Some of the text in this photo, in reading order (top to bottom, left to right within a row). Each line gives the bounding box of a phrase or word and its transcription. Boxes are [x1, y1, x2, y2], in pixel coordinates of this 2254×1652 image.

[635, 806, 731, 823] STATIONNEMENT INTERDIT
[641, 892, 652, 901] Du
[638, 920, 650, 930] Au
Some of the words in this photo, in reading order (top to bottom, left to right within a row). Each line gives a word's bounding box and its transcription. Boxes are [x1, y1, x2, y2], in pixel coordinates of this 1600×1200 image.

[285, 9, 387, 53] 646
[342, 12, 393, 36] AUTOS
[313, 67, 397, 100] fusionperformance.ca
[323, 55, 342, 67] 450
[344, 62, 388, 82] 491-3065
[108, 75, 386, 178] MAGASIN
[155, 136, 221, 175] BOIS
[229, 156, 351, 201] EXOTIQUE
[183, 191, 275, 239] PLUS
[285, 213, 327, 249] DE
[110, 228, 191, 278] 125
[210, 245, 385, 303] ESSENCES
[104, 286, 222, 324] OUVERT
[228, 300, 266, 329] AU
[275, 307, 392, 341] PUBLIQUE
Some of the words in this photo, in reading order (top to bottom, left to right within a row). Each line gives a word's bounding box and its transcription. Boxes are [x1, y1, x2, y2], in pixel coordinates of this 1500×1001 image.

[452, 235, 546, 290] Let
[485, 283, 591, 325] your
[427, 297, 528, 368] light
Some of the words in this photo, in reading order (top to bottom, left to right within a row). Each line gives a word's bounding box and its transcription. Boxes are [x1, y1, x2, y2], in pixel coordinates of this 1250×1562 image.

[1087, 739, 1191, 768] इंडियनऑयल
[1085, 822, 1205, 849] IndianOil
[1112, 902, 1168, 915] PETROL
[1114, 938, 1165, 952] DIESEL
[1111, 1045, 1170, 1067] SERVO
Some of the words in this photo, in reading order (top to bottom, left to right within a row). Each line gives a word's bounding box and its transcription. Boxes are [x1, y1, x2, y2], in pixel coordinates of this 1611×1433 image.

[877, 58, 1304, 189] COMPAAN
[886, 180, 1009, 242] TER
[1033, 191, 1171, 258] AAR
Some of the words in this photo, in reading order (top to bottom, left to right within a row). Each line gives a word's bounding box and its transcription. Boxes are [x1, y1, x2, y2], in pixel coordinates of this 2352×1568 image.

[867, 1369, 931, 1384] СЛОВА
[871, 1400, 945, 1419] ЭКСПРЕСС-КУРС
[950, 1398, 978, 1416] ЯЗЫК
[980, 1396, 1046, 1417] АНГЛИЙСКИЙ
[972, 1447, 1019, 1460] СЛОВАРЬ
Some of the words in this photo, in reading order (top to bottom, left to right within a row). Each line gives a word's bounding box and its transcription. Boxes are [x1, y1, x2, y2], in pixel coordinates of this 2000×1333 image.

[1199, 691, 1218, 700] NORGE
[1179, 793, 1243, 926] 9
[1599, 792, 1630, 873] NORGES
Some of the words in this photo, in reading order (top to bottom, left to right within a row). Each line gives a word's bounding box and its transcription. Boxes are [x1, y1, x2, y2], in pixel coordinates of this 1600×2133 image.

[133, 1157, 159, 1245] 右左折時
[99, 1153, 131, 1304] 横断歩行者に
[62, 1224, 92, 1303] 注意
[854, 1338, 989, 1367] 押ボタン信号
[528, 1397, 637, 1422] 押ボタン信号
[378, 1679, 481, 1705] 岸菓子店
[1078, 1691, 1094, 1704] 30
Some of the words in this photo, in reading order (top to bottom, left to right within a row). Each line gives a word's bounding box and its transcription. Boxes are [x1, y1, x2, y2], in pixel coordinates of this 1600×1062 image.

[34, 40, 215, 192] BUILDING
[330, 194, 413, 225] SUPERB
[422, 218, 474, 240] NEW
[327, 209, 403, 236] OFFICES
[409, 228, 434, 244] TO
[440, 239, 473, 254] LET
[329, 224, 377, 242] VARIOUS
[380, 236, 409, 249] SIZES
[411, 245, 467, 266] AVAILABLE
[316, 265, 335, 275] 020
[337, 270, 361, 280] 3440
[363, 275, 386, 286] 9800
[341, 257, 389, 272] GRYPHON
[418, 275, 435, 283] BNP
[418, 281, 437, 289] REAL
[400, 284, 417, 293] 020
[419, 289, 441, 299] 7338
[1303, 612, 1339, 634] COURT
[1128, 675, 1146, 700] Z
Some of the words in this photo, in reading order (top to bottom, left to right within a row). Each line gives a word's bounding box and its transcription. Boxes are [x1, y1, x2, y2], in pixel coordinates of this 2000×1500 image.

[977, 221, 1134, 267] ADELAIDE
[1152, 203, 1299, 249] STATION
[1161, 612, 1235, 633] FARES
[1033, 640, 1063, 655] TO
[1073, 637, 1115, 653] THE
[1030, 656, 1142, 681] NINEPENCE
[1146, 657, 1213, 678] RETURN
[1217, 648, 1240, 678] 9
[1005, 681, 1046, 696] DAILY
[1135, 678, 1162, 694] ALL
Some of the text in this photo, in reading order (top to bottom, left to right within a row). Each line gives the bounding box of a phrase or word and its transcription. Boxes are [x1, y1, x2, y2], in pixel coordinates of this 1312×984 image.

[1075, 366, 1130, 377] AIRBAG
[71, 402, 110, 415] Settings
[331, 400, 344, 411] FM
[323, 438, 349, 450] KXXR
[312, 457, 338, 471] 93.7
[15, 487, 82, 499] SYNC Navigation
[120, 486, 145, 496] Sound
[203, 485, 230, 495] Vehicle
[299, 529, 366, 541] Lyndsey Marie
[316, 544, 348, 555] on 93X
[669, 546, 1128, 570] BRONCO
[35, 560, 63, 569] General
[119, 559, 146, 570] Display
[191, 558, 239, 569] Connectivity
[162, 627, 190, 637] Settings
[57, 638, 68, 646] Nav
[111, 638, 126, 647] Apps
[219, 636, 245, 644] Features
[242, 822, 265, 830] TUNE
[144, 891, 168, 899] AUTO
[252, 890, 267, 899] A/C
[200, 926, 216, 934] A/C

--*--

**Directions for this task:** Nothing in the records should be altered when they are written out again.

**Problem solution:**
Some of the text in this photo, in reading order (top to bottom, left to right within a row). Each line gives the bounding box of a phrase or word and its transcription. Boxes are [x1, y1, x2, y2], in pixel coordinates of this 2254×1652 image.

[635, 806, 731, 823] STATIONNEMENT INTERDIT
[641, 892, 652, 901] Du
[638, 920, 650, 930] Au
Some of the words in this photo, in reading order (top to bottom, left to right within a row). Each line gives a word's bounding box and its transcription. Boxes are [x1, y1, x2, y2], in pixel coordinates of this 1600×1200 image.

[285, 9, 387, 53] 646
[342, 12, 393, 36] AUTOS
[313, 67, 397, 100] fusionperformance.ca
[323, 55, 342, 67] 450
[344, 62, 388, 82] 491-3065
[108, 75, 386, 178] MAGASIN
[155, 136, 221, 175] BOIS
[229, 156, 351, 201] EXOTIQUE
[183, 191, 275, 239] PLUS
[285, 213, 327, 249] DE
[110, 228, 191, 278] 125
[210, 245, 385, 303] ESSENCES
[104, 286, 222, 324] OUVERT
[228, 300, 266, 329] AU
[275, 307, 392, 341] PUBLIQUE
Some of the words in this photo, in reading order (top to bottom, left to right within a row). Each line gives a word's bounding box and its transcription. Boxes are [x1, y1, x2, y2], in pixel coordinates of this 1500×1001 image.

[452, 235, 546, 290] Let
[485, 283, 591, 325] your
[427, 297, 528, 368] light
Some of the words in this photo, in reading order (top to bottom, left to right within a row). Each line gives a word's bounding box and its transcription. Boxes are [x1, y1, x2, y2], in pixel coordinates of this 1250×1562 image.

[1087, 739, 1191, 768] इंडियनऑयल
[1085, 822, 1205, 849] IndianOil
[1112, 902, 1168, 915] PETROL
[1114, 938, 1165, 952] DIESEL
[1111, 1045, 1170, 1067] SERVO
Some of the words in this photo, in reading order (top to bottom, left to right within a row). Each line gives a word's bounding box and its transcription. Boxes are [x1, y1, x2, y2], in pixel coordinates of this 1611×1433 image.

[877, 58, 1304, 189] COMPAAN
[886, 180, 1009, 242] TER
[1033, 191, 1171, 258] AAR
Some of the words in this photo, in reading order (top to bottom, left to right within a row). Each line gives a word's bounding box and its transcription. Boxes are [x1, y1, x2, y2], in pixel coordinates of this 2352×1568 image.

[867, 1369, 931, 1384] СЛОВА
[871, 1400, 945, 1419] ЭКСПРЕСС-КУРС
[950, 1398, 978, 1416] ЯЗЫК
[980, 1396, 1046, 1417] АНГЛИЙСКИЙ
[972, 1447, 1019, 1460] СЛОВАРЬ
Some of the words in this photo, in reading order (top to bottom, left to right within a row). Each line gives a word's bounding box and its transcription. Boxes are [x1, y1, x2, y2], in pixel coordinates of this 2000×1333 image.

[1199, 691, 1218, 700] NORGE
[1179, 793, 1243, 926] 9
[1599, 792, 1630, 873] NORGES
Some of the words in this photo, in reading order (top to bottom, left to right within a row). Each line gives a word's bounding box and its transcription. Boxes are [x1, y1, x2, y2], in pixel coordinates of this 1600×2133 image.

[133, 1157, 159, 1245] 右左折時
[99, 1153, 131, 1304] 横断歩行者に
[62, 1224, 92, 1303] 注意
[854, 1338, 989, 1367] 押ボタン信号
[528, 1397, 637, 1422] 押ボタン信号
[378, 1679, 481, 1705] 岸菓子店
[1078, 1691, 1094, 1704] 30
Some of the words in this photo, in reading order (top to bottom, left to right within a row). Each line gives a word's bounding box and its transcription. Boxes are [x1, y1, x2, y2], in pixel coordinates of this 1600×1062 image.

[34, 40, 215, 192] BUILDING
[330, 194, 413, 225] SUPERB
[422, 218, 474, 240] NEW
[327, 209, 403, 236] OFFICES
[409, 228, 434, 244] TO
[440, 239, 473, 254] LET
[329, 224, 377, 242] VARIOUS
[380, 236, 409, 249] SIZES
[411, 245, 467, 266] AVAILABLE
[316, 265, 335, 275] 020
[337, 270, 361, 280] 3440
[363, 275, 386, 286] 9800
[341, 257, 389, 272] GRYPHON
[418, 275, 435, 283] BNP
[418, 281, 437, 289] REAL
[400, 284, 417, 293] 020
[419, 289, 441, 299] 7338
[1303, 612, 1339, 634] COURT
[1128, 675, 1146, 700] Z
Some of the words in this photo, in reading order (top to bottom, left to right within a row). Each line gives a word's bounding box and its transcription. Boxes are [x1, y1, x2, y2], in pixel coordinates of this 2000×1500 image.

[977, 221, 1134, 267] ADELAIDE
[1152, 203, 1299, 249] STATION
[1161, 612, 1235, 633] FARES
[1033, 640, 1063, 655] TO
[1073, 637, 1115, 653] THE
[1030, 656, 1142, 681] NINEPENCE
[1146, 657, 1213, 678] RETURN
[1217, 648, 1240, 678] 9
[1005, 681, 1046, 696] DAILY
[1135, 678, 1162, 694] ALL
Some of the text in this photo, in reading order (top to bottom, left to right within a row). Each line gives the bounding box of a phrase or word and its transcription. Boxes are [x1, y1, x2, y2], in pixel coordinates of this 1312×984 image.

[1075, 366, 1130, 377] AIRBAG
[71, 402, 110, 415] Settings
[331, 400, 344, 411] FM
[323, 438, 349, 450] KXXR
[312, 457, 338, 471] 93.7
[15, 487, 82, 499] SYNC Navigation
[120, 486, 145, 496] Sound
[203, 485, 230, 495] Vehicle
[299, 529, 366, 541] Lyndsey Marie
[316, 544, 348, 555] on 93X
[669, 546, 1128, 570] BRONCO
[35, 560, 63, 569] General
[119, 559, 146, 570] Display
[191, 558, 239, 569] Connectivity
[162, 627, 190, 637] Settings
[57, 638, 68, 646] Nav
[111, 638, 126, 647] Apps
[219, 636, 245, 644] Features
[242, 822, 265, 830] TUNE
[144, 891, 168, 899] AUTO
[252, 890, 267, 899] A/C
[200, 926, 216, 934] A/C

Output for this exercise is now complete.